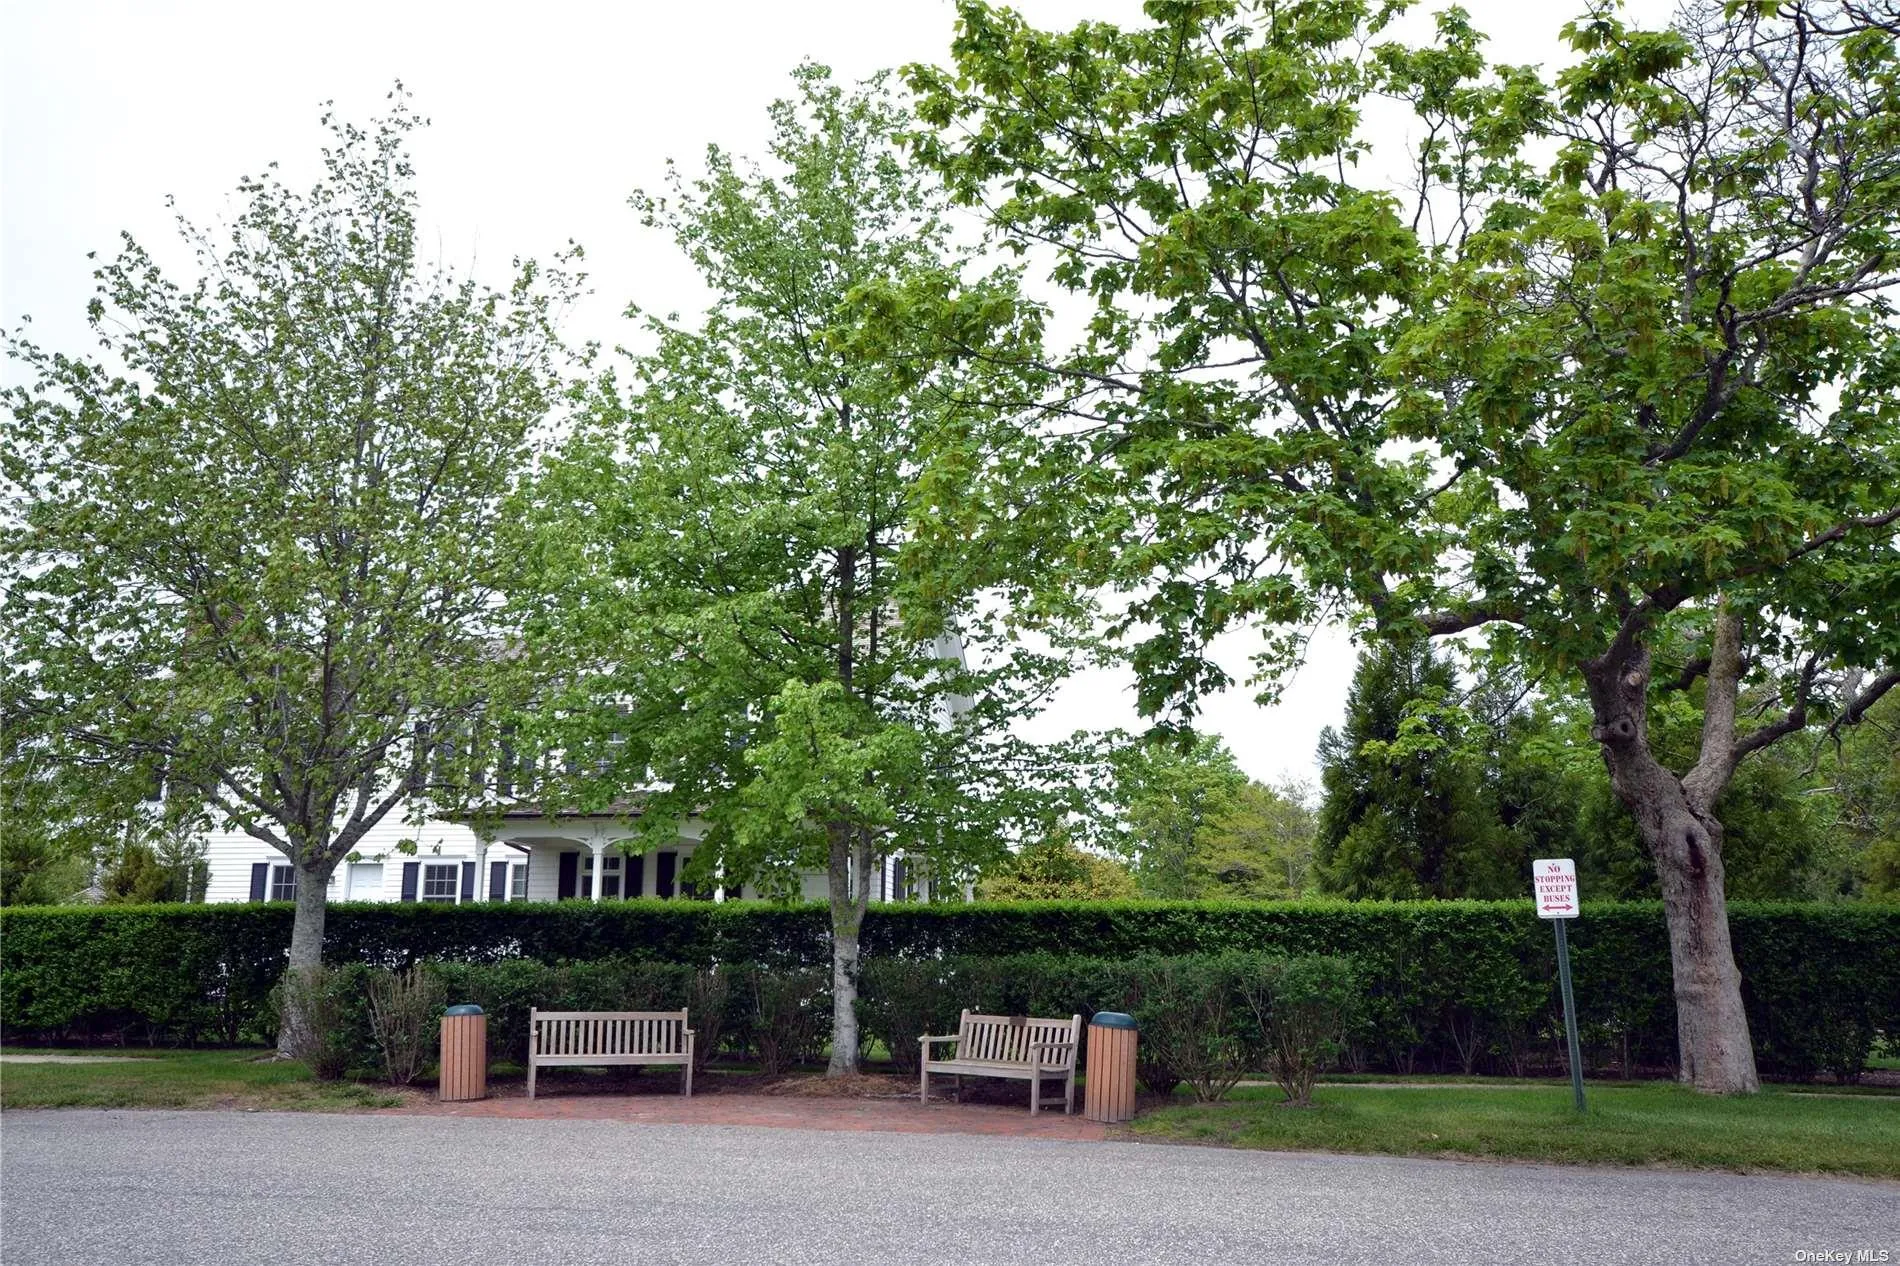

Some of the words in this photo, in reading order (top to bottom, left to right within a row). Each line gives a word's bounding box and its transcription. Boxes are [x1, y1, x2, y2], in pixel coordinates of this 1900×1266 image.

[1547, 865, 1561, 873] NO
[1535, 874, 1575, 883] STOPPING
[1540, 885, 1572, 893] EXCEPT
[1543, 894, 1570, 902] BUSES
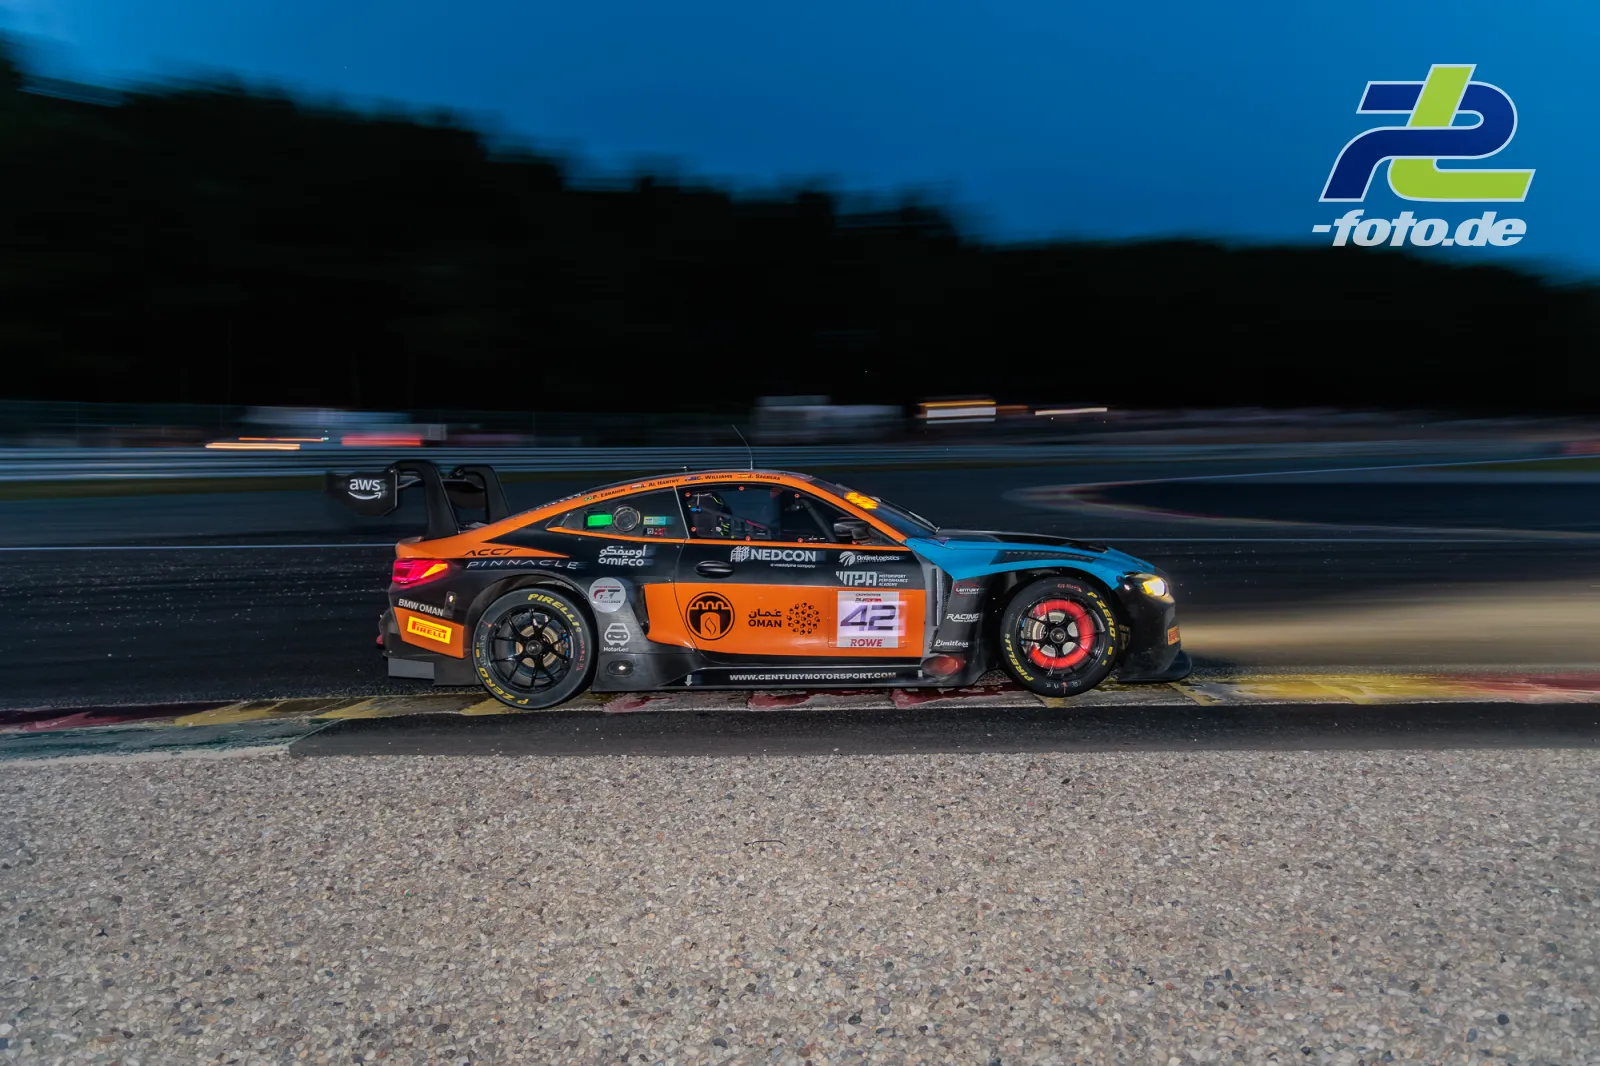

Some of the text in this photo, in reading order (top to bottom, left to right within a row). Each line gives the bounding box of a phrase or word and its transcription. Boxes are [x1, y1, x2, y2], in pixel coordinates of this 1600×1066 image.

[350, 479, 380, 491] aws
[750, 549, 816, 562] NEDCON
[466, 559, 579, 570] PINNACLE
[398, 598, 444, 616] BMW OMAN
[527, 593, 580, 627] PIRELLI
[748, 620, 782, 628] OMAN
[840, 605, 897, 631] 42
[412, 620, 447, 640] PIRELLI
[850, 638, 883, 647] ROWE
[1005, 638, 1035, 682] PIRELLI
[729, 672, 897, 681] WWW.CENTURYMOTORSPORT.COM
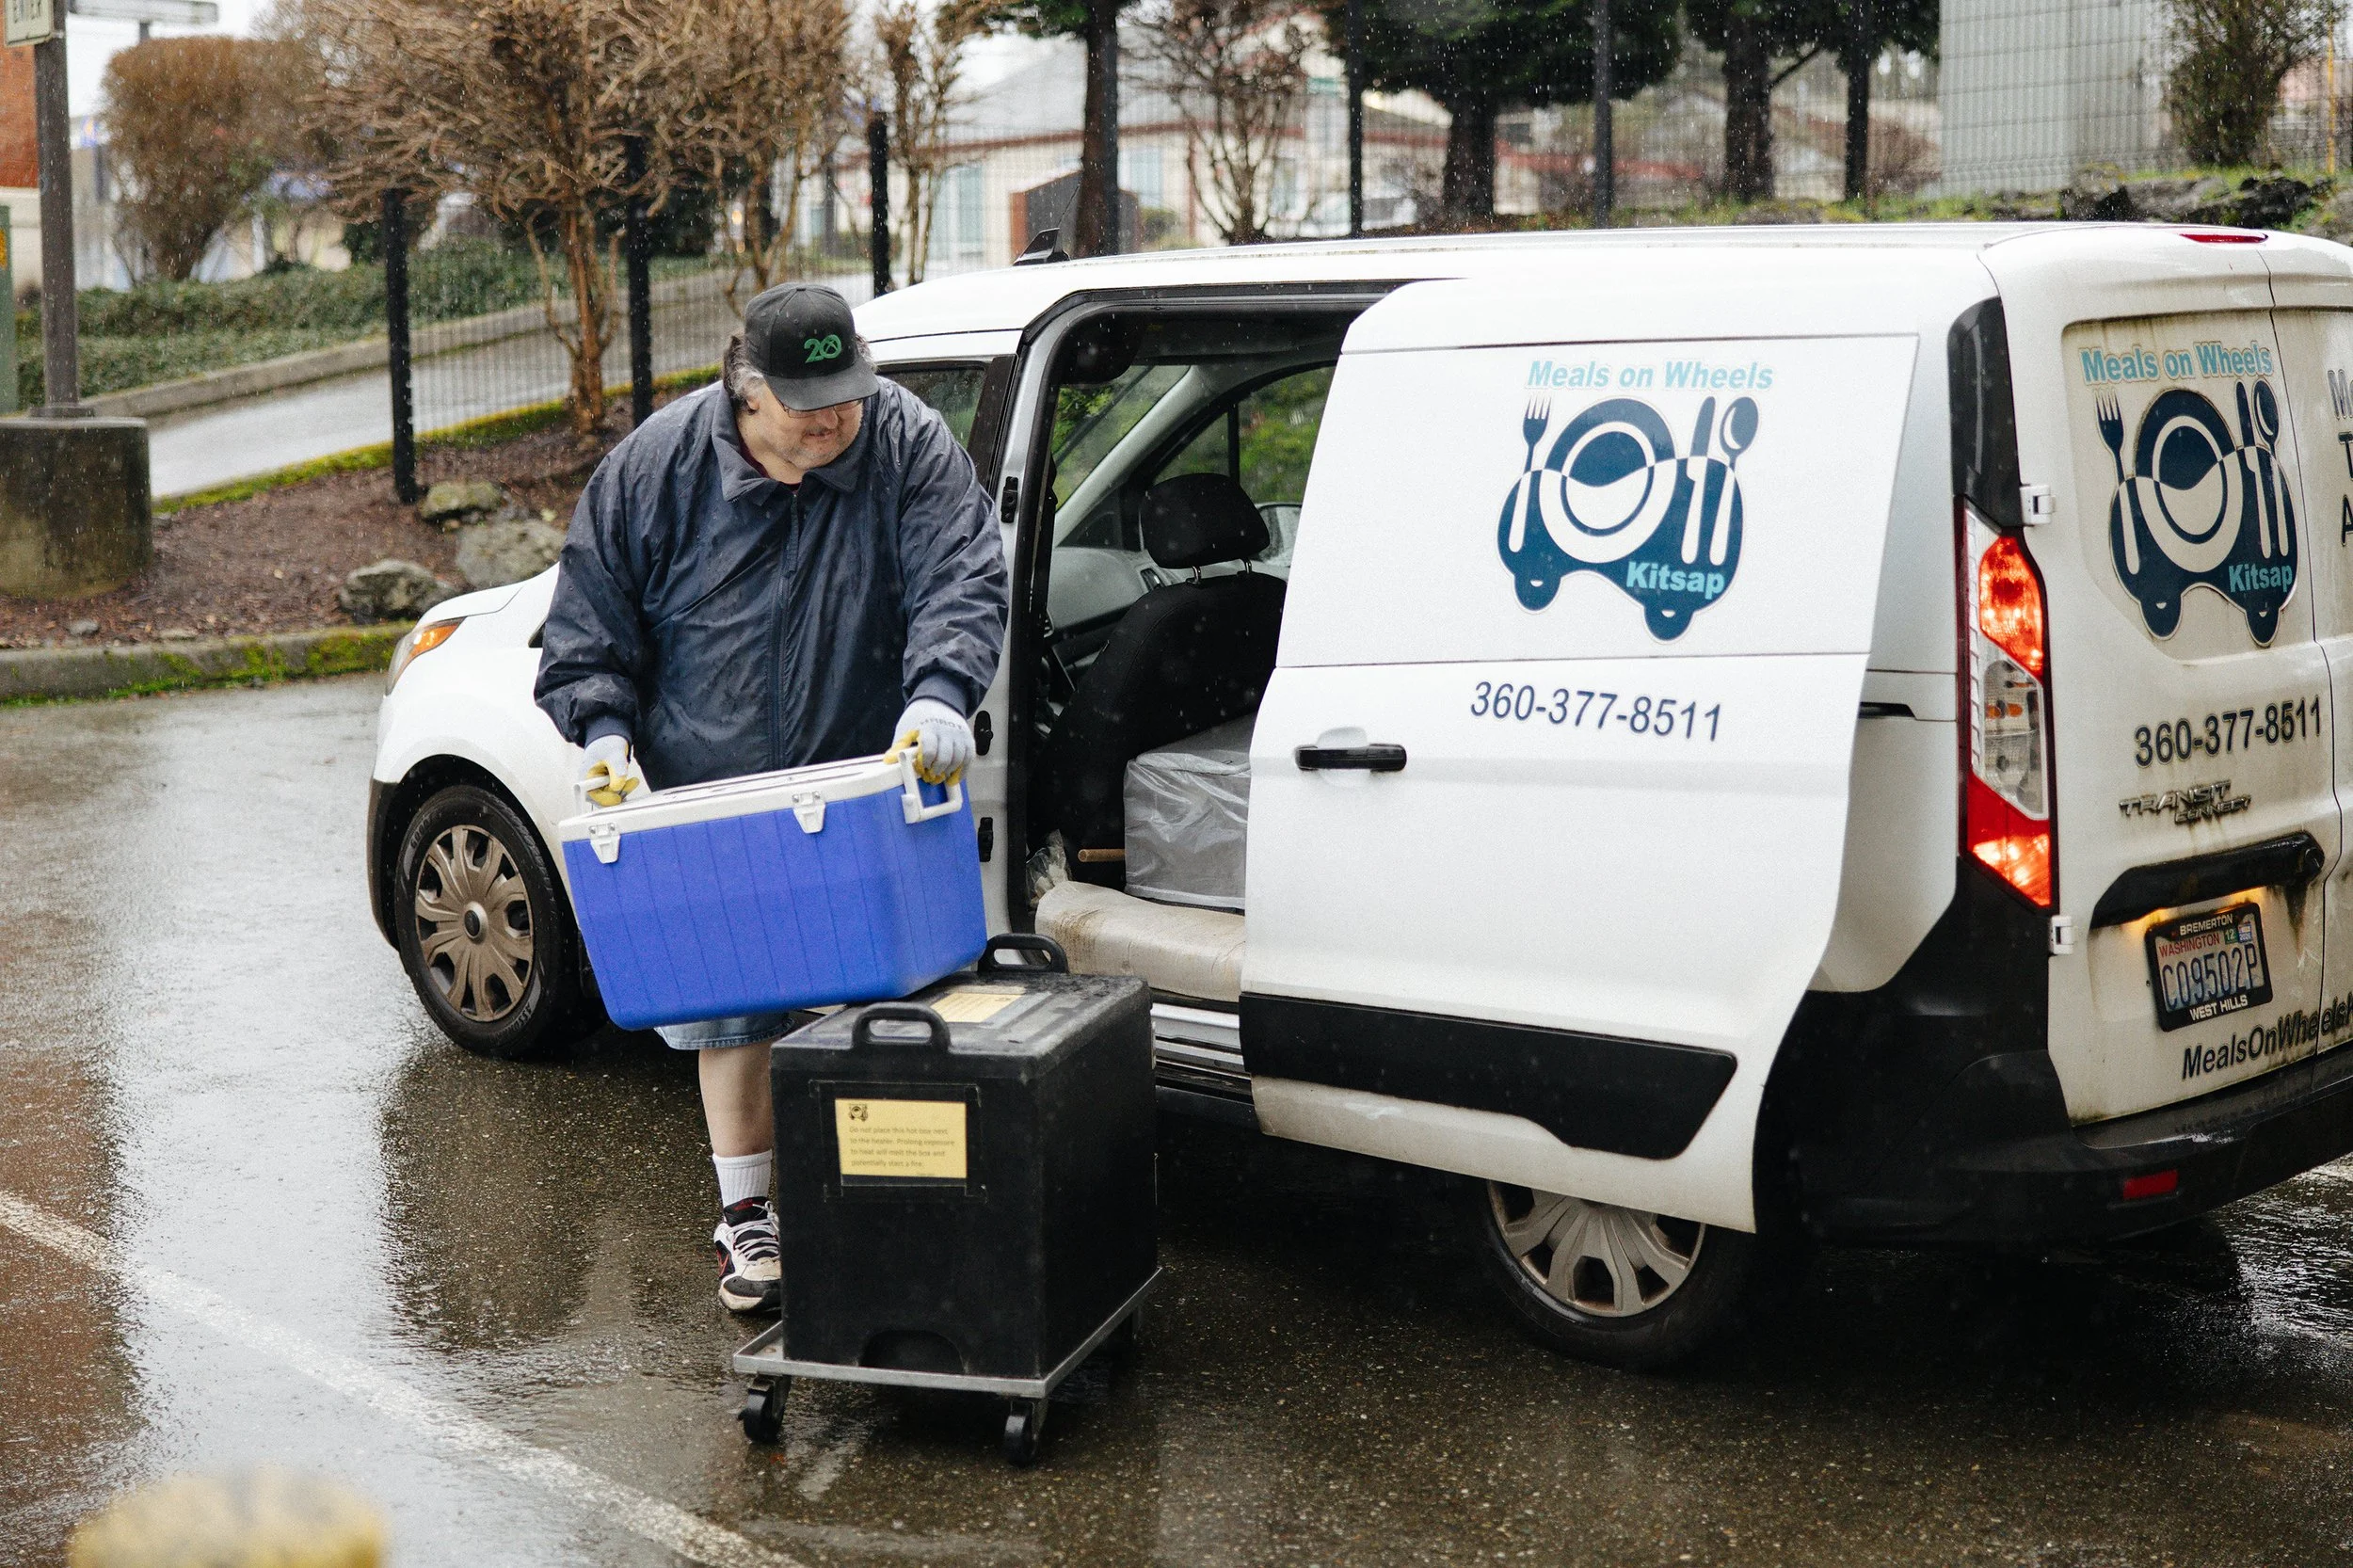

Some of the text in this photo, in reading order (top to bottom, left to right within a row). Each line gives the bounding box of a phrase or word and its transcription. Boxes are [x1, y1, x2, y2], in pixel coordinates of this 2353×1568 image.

▶ [Task to carry out] An exact copy of the data above is required, printed without its pictures.

▶ [Written response]
Some of the words in this photo, in reading order (top to bottom, left to right within a row). Each line gives a word's bounding box and its transcription. Boxes are [x1, y1, x2, y2], in pixel coordinates of this 1900×1266 image.

[1547, 865, 1561, 873] NO
[1535, 874, 1575, 883] STOPPING
[1540, 885, 1572, 893] EXCEPT
[1543, 894, 1570, 902] BUSES

Some of the text in this photo, in reading order (top to bottom, left to right within a row). Each line gives the bounding box of a phrase or word and its transcription. Boxes are [x1, y1, x2, y2], in pixel coordinates of this 1600×1066 image.

[350, 479, 380, 491] aws
[750, 549, 816, 562] NEDCON
[466, 559, 579, 570] PINNACLE
[398, 598, 444, 616] BMW OMAN
[527, 593, 580, 627] PIRELLI
[748, 620, 782, 628] OMAN
[840, 605, 897, 631] 42
[412, 620, 447, 640] PIRELLI
[850, 638, 883, 647] ROWE
[1005, 638, 1035, 682] PIRELLI
[729, 672, 897, 681] WWW.CENTURYMOTORSPORT.COM

Some of the text in this photo, in reading order (top to bottom, left to right within a row). Each line gives the bounding box of a phrase or word and its transcription. Boxes are [x1, y1, x2, y2], in pixel coordinates of this 2353×1568 image.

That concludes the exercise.